Answer: Sure. Yes so. I think that like being really concise, being really visual. And I think my pitch there was maybe eight slides in it so something that's really short and like when you're thinking about a pitch deck right you're not actually like going and setting up your laptop and clicking through to someone that you're sending this to them as a PDF. So it should kind of get across everything you need and just to kind of run down like what's the quick elevator pitch, what's the format, who's your audience? Kind of hitting those main targets. Does that answer your question? Yeah yeah yeah.
Question: My name is Rae Solomon and I'm from Denver. If that makes a difference. But. So I have a couple questions the first one is just really specific and practical. You said that to figure out who to pitch to you worked your network, you made friends. Yeah specifically like what is the title of the person is there are there titles to look out for when you are trying to figure out precisely who you want to invite for coffee?

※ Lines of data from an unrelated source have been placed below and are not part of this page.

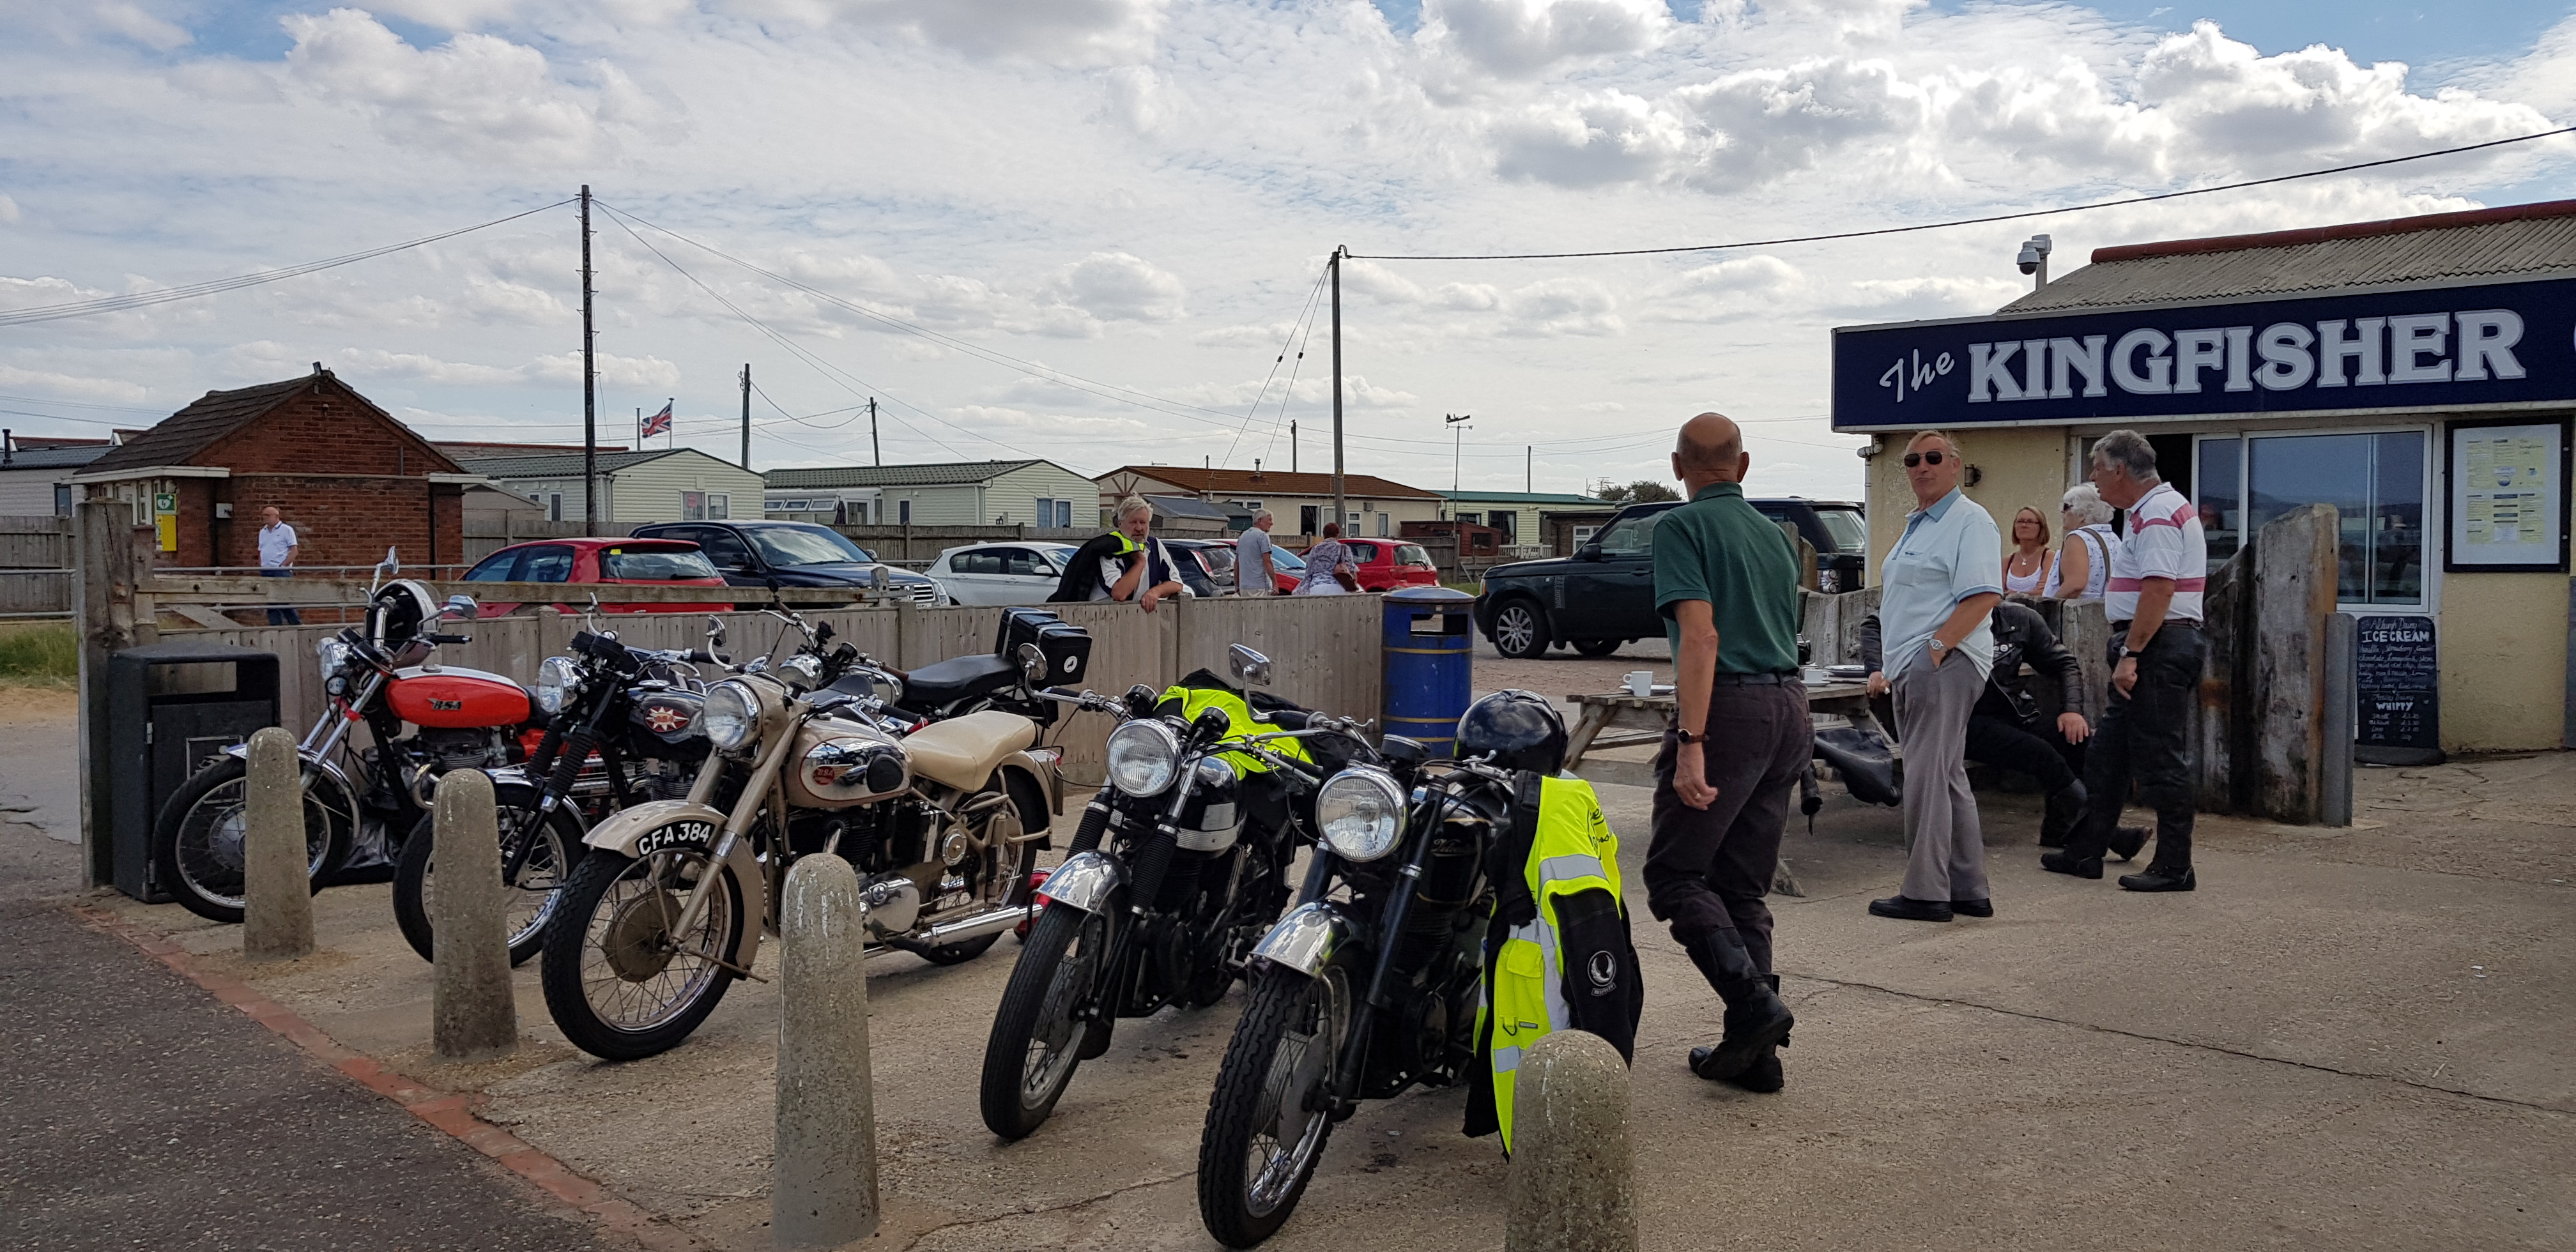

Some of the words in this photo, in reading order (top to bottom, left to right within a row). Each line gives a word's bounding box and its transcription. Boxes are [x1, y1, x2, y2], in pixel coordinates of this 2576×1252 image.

[1879, 348, 1955, 402] The
[1967, 309, 2527, 404] KINGFISHER
[2389, 630, 2430, 642] CREAM
[2375, 702, 2414, 712] WHIPPY
[639, 826, 674, 855] CFA
[678, 823, 710, 843] 384

Answer: I think a lot of companies now it's like new show develop new show development. I’m trying to go through. There was no consistent job title. And I think I mean the story that I'm telling happened two years ago and I think we all know like a lot has happened in the podcast industry to formalize a lot of that stuff. So there might be yeah like, new show development, development editor anything like that. Yeah.

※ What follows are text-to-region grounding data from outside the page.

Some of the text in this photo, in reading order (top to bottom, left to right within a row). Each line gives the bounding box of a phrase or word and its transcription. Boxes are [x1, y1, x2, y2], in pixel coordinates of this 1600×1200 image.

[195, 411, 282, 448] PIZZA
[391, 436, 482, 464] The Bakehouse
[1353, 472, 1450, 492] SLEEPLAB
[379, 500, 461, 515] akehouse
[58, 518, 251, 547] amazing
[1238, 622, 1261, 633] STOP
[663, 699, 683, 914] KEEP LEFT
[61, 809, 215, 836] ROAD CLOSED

Question: And then my other question is when you're doing a show like this where you start with your personal story and then you need to start relying on other people. Do you include in your pitch and how did you once you become known a known entity. I assume it becomes self-generating and people come to you, it’s much easier. But when no one knows what you're doing and you're just sort of describing it, how do you get people, how do you locate the stories and get people to agree to talk to you before you are a known entity? And is that an important thing to put in the pitch that you're going to generate stories?
Answer: I didn't include ideas for methodology in my pitch. I think that I did in explaining to people and trying to get people on board. I again relied a lot on being like, ‘Hey I have a painful sex story. Let me tell you about it.’ And then people are going to tell me their story. So I think that by making it really personal people were willing to talk to me about it.
Question: Hi my name's Hathaway. That's my first name. Can you give us the major budget categories? And with the people which is obviously going to be the biggest, what people do for your podcast and do you pay people that you interview things? Yeah.
Answer: No, I do not pay people that I interview. But there was one story in which the main character also helped produce the story. So in that instance the person was paid. So I can speak to my my team. What ended up being the major top line budget things there. So it was myself. I worked with kind of a main editorial adviser, first Kaitlin Prest and then Sharon Mashihi. And then I also had. I also really wanted to just include more editors so I also had my friend Abigail Keel, another friend Camila Kerwin who were also editors and they would give two rounds of edits each episode so I thought that was a great way to bring more people in. And then there were also in different episodes like for example the final episode of Bodies was about menopause. No one on the production team is over 40 so we hired a woman in her 60s who also was the editorial adviser for that one. Other big budget considerations, composers so I work with the composer Dara Hirsch, amazing she writes original music for Bodies and so that was another big budget expense that was per episode. So editorial advising was on a hourly basis. We did a flat rate for composing per episode. A lot of tapes sync expenses. Also working. And yeah well see what else. So the biggest obviously I would say like 80 percent of the budget was paying people for their time. The other category was production costs like a Dropbox account, hosting on the web site that was quite small. There was travel expenses. Which we were able to keep pretty tight and then kind of other miscellaneous production costs. Here we'll go to that I'm sorry. Then back to you. OK.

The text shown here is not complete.